Through its SEC filings, investors can review details on C1 Fund’s strategy of investing primarily in equity and equity-linked securities of companies engaged in the digital assets services and technology sector. These documents typically explain how the Fund seeks to maximize total return, outline its intention to invest in up to 30 digital asset services and technology companies, and describe its focus on infrastructure-oriented businesses such as exchanges, compliance platforms, staking providers and blockchain software firms.
On Stock Titan, CFND’s filings page is designed to surface key regulatory documents as they become available from EDGAR, including annual and quarterly reports and other required filings. AI-powered tools summarize the information in these documents to help readers understand portfolio composition, investment policies and other structural features without needing to interpret every technical detail themselves.
In addition to periodic reports, investors can reference SEC filings for further context on topics such as the Fund’s closed-end structure, its relationship with C1 Advisors LLC as investment adviser and the risks associated with investing in digital asset services and technology companies. By combining real-time filing access with AI-generated explanations, this page helps users navigate CFND’s regulatory disclosures and connect them to the Fund’s publicly announced portfolio activity and strategy.
C1 Group LLC reported a Form 4 disclosing a change in beneficial ownership of C1 Fund Inc. (CFND). On 09/05/2025 the reporting person shows a J(1) coded transaction cancelling 100,000 shares of common stock at a price of $0 because underwriters did not exercise the over-allotment option described in the issuer's IPO prospectus. After the cancellation, the reporting person beneficially owns 666,666 shares, held directly.
The Form 4 lists the reporting entity as C1 Group LLC with an address in Palo Alto and indicates the filer is a Director and a 10% owner. The filing was signed by David Hytha, Chief Financial Officer, on 09/05/2025.

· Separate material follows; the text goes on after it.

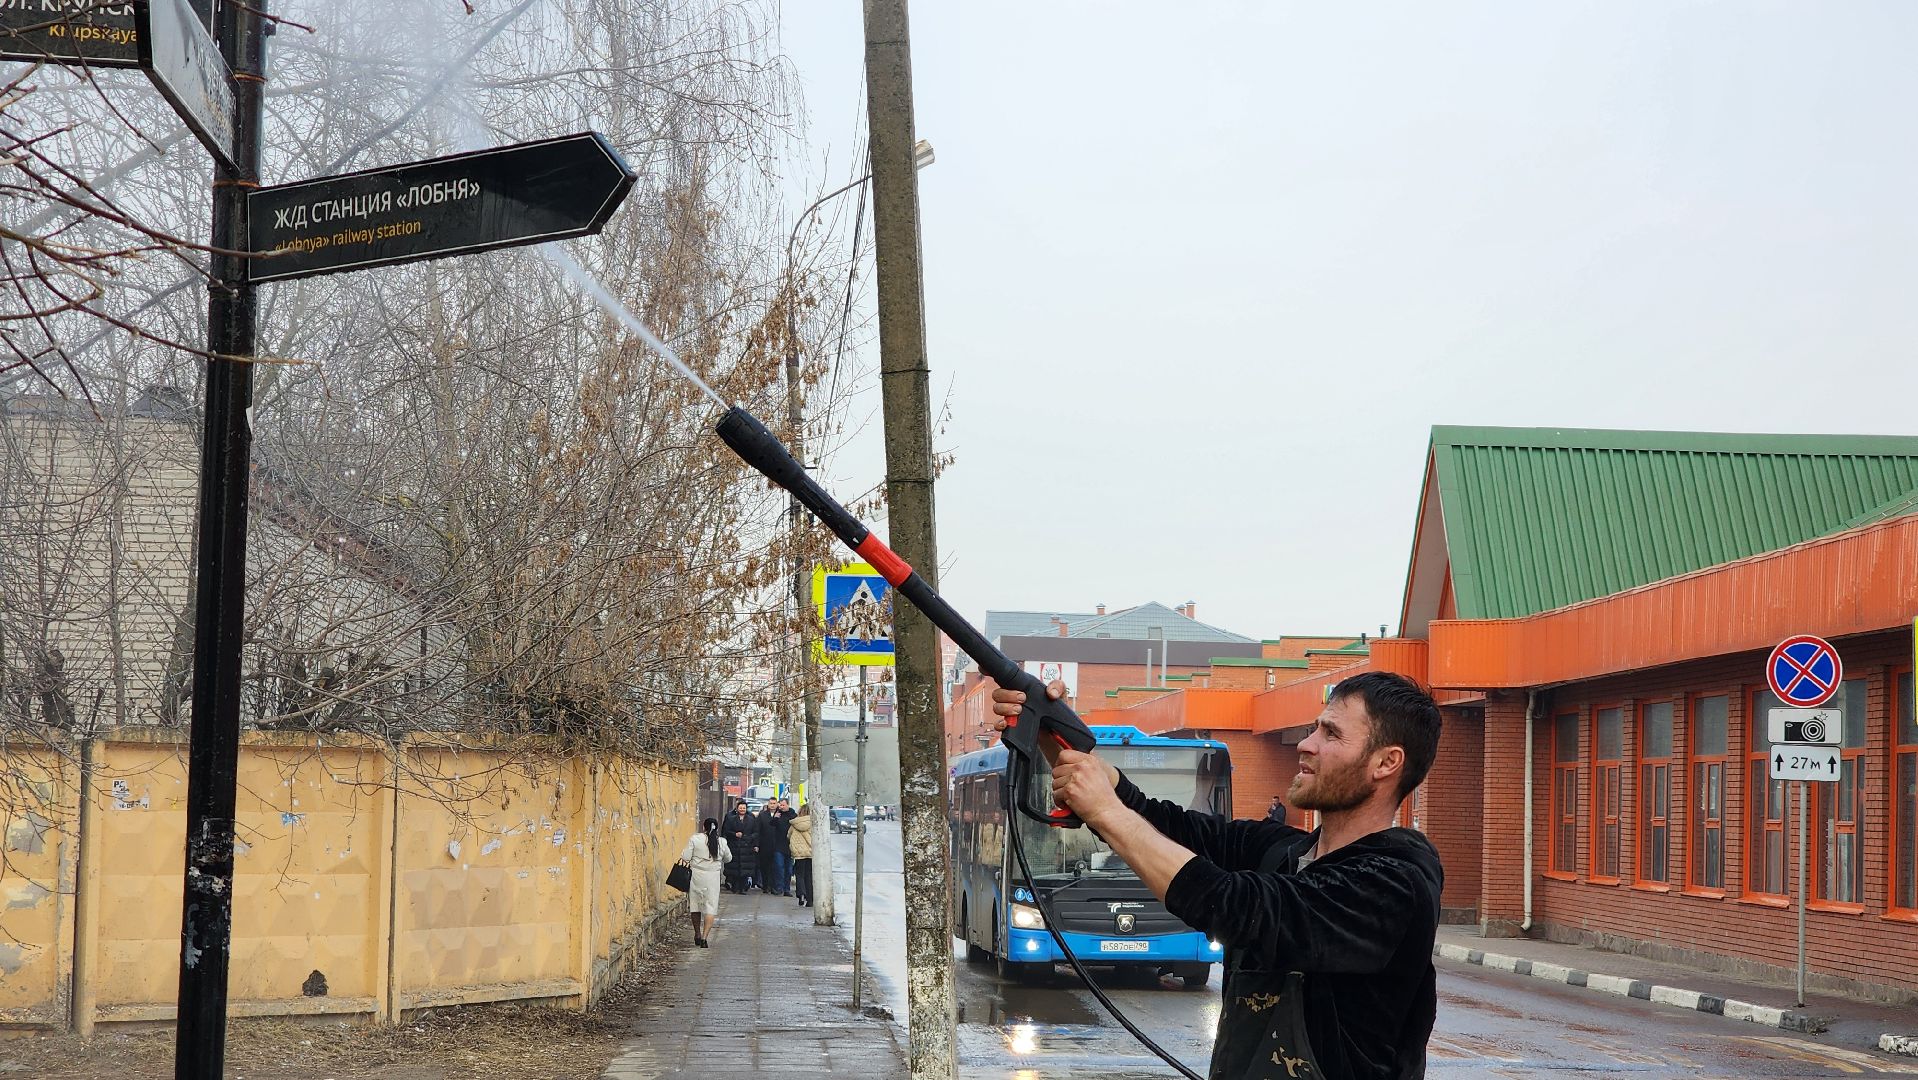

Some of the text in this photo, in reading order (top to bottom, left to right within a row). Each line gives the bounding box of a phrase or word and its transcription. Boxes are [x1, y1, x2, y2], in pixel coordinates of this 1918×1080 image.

[273, 178, 480, 230] Ж/Д СТАНЦИЯ «ЛОБНЯ»
[332, 228, 375, 245] railway
[377, 220, 421, 239] station

C1 Advisors LLC filed an initial ownership report as an investment adviser to C1 Fund Inc. (CFND). The filing shows that C1 Advisors LLC beneficially owns 0 shares of Common Stock of the fund, held directly. This Form 3 establishes the adviser’s reporting status under insider ownership rules but does not disclose any purchases, sales, or derivative positions.

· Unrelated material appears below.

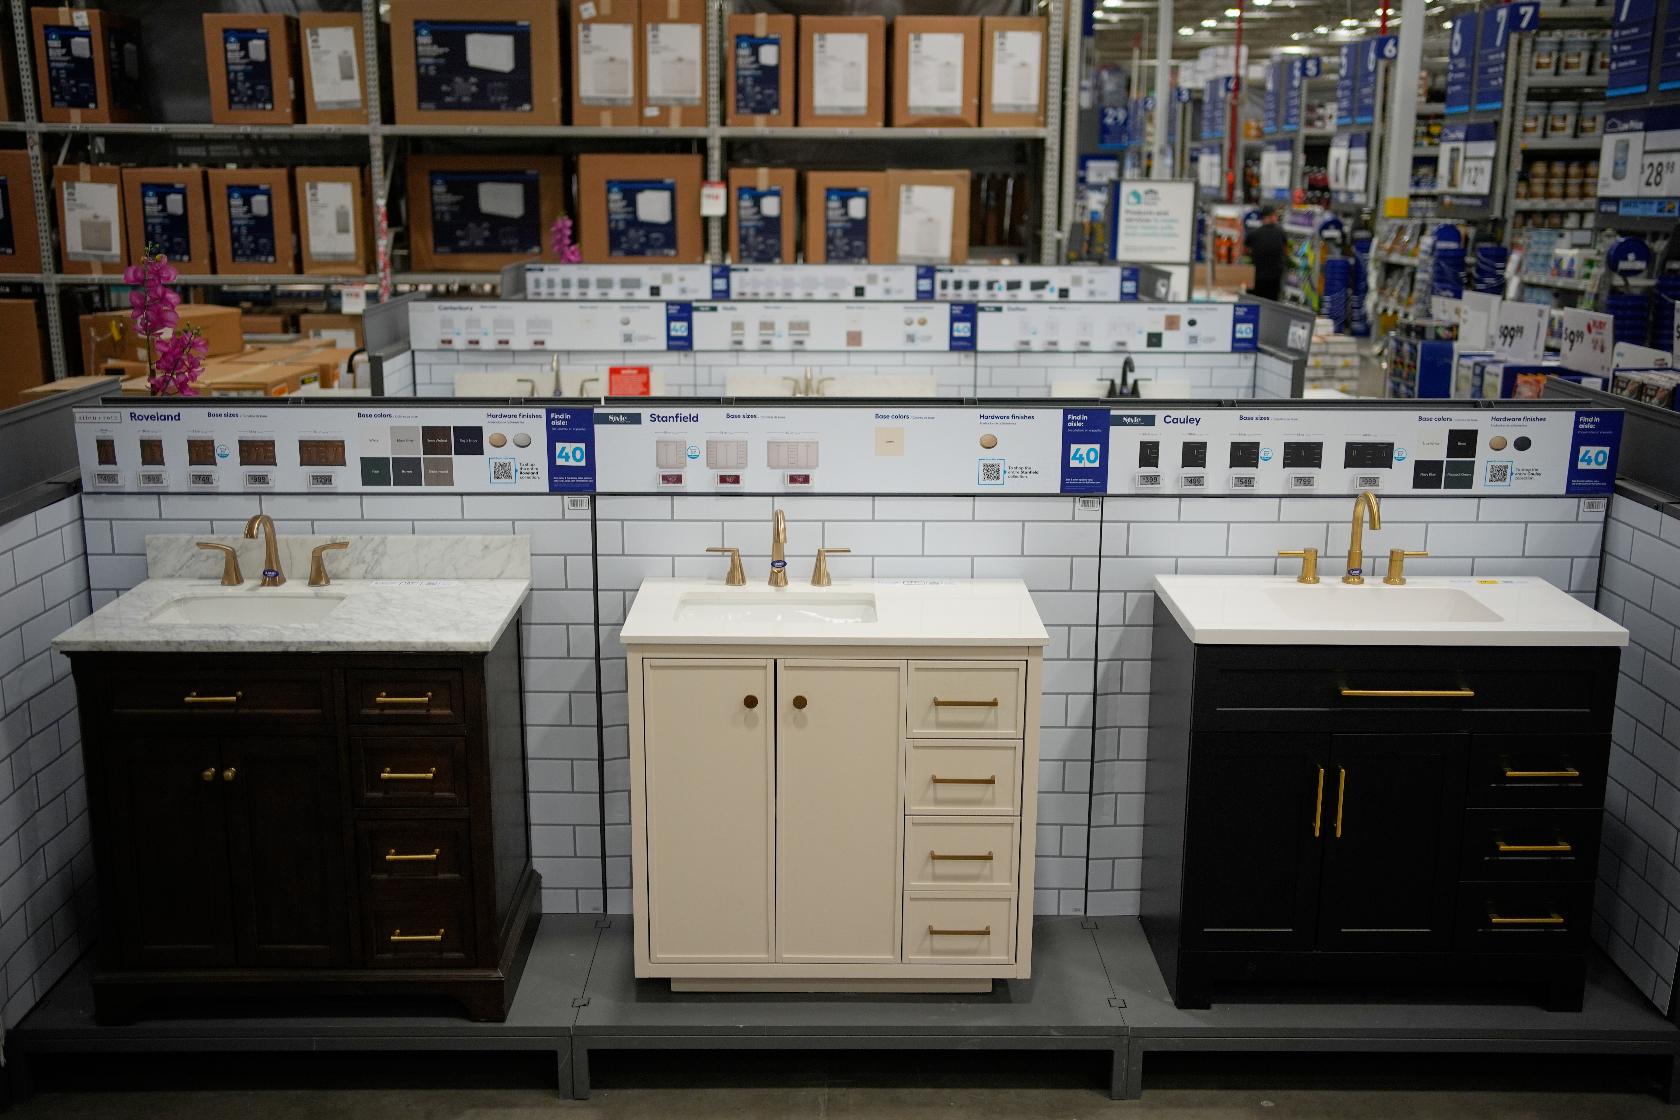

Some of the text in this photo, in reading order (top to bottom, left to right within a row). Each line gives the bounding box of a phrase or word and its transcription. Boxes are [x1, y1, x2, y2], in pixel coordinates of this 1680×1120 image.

C1 Fund Inc.'s Chief Financial Officer, David Hytha, reported purchasing 5,004 shares of the company's common stock at $10.00 per share on 08/08/2025 and now directly owns those 5,004 shares. He also beneficially owns an additional 35,821 shares indirectly through the issuer's sponsor, C1 Group LLC. The filing discloses that up to 100,000 shares held by C1 Group LLC are subject to forfeiture if the underwriters do not exercise their over-allotment option, which would cause Mr. Hytha to forfeit 4,672 shares. After the over-allotment option is exercised or expires, C1 Group LLC will own shares equal to 10% of outstanding common stock.
C1 Fund Inc. received a Schedule 13G showing that Steadfast-related parties beneficially own 400,000 shares of Common Stock, representing 5.91% of the 6,766,666 shares outstanding per the issuer's August 7, 2025 prospectus. The filing lists Steadfast Capital Management LP as investment manager, American Steadfast, L.P. and Steadfast International Master Fund Ltd. each holding 200,000 shares, and Robert S. Pitts, Jr. as a named individual with shared voting and dispositive power over the aggregate position. The reporting persons state the position is not held to change or influence control of the issuer. Signatures and a joint filing agreement are attached.
Sara Wardell-Smith, a director of C1 Fund Inc. (CFND), purchased 30,000 shares of the issuer's common stock on 08/08/2025 at a price of $10.00 per share. Following the reported transaction she beneficially owns 30,000 shares in a direct ownership form. The filing reports the transaction on Form 4 signed by the reporting person.